Seven years after Kentucky Fried Movie, a different group of filmmakers decided to basically do the same thing: a theatrical experience that was a parody of the entire theater going experience. You get fake trailers, fake theater announcements, fake concession stand ads (here’s a hotdog doing another hotdog doggy style! brilliant!) and a feature presentation that makes mockery of a big hit.

It doesn’t help us much now that the object of the film’s scorn, the series of Wilderness Family movies in the late 70’s, are pretty much forgotten now. Those were a series of film where the dad took everyone out into the woods where they were much happier without the technology. And, you know, other people.

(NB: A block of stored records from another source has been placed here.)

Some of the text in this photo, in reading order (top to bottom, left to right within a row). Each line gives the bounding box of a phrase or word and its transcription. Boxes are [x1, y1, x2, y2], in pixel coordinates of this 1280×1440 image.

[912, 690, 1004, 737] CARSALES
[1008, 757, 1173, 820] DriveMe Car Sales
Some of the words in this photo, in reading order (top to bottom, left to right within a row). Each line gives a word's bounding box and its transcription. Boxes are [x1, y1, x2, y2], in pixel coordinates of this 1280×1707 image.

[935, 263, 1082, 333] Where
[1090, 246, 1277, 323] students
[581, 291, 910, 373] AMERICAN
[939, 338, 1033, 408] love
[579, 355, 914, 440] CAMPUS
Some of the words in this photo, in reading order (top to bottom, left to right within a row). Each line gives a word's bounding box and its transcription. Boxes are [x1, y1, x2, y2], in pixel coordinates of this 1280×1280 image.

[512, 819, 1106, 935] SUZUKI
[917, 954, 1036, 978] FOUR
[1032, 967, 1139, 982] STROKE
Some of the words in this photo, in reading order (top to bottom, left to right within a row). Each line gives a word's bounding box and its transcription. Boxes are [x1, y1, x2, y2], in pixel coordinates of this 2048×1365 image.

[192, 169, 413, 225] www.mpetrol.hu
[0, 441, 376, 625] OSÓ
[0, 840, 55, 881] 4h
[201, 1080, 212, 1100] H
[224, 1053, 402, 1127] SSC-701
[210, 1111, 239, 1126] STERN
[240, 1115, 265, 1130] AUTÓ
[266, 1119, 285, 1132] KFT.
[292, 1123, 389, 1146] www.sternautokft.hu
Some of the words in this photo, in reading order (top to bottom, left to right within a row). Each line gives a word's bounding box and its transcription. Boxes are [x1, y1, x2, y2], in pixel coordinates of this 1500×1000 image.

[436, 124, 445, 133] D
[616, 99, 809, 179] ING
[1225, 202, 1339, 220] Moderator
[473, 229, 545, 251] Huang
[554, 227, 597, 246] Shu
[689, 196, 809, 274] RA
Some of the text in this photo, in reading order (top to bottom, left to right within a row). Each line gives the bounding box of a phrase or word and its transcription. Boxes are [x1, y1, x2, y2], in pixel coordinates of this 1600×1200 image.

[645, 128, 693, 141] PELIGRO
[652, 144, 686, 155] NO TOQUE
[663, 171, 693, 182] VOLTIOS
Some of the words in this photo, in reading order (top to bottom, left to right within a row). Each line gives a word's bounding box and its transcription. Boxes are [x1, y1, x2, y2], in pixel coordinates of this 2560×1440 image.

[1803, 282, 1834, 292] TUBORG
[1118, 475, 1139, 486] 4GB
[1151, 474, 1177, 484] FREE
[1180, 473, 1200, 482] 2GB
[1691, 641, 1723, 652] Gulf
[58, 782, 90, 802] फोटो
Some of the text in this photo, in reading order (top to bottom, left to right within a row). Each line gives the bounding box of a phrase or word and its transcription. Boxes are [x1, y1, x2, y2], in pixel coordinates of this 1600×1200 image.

They use most of the film’s run time to skewer this, but rather than settle for a simple parody, they mixed their approach with the Airplane gag-a-minute philosophy, and while there are a lot (a lot) of misses, it still works out since the people in front of the camera seem to be having such a good time.

Baby Bullets (N/A) – A baby buggy that gets to reenact gangster movie cliches. It’s funny. Because it’s a baby.

Yeah. And this is the trailer they start with…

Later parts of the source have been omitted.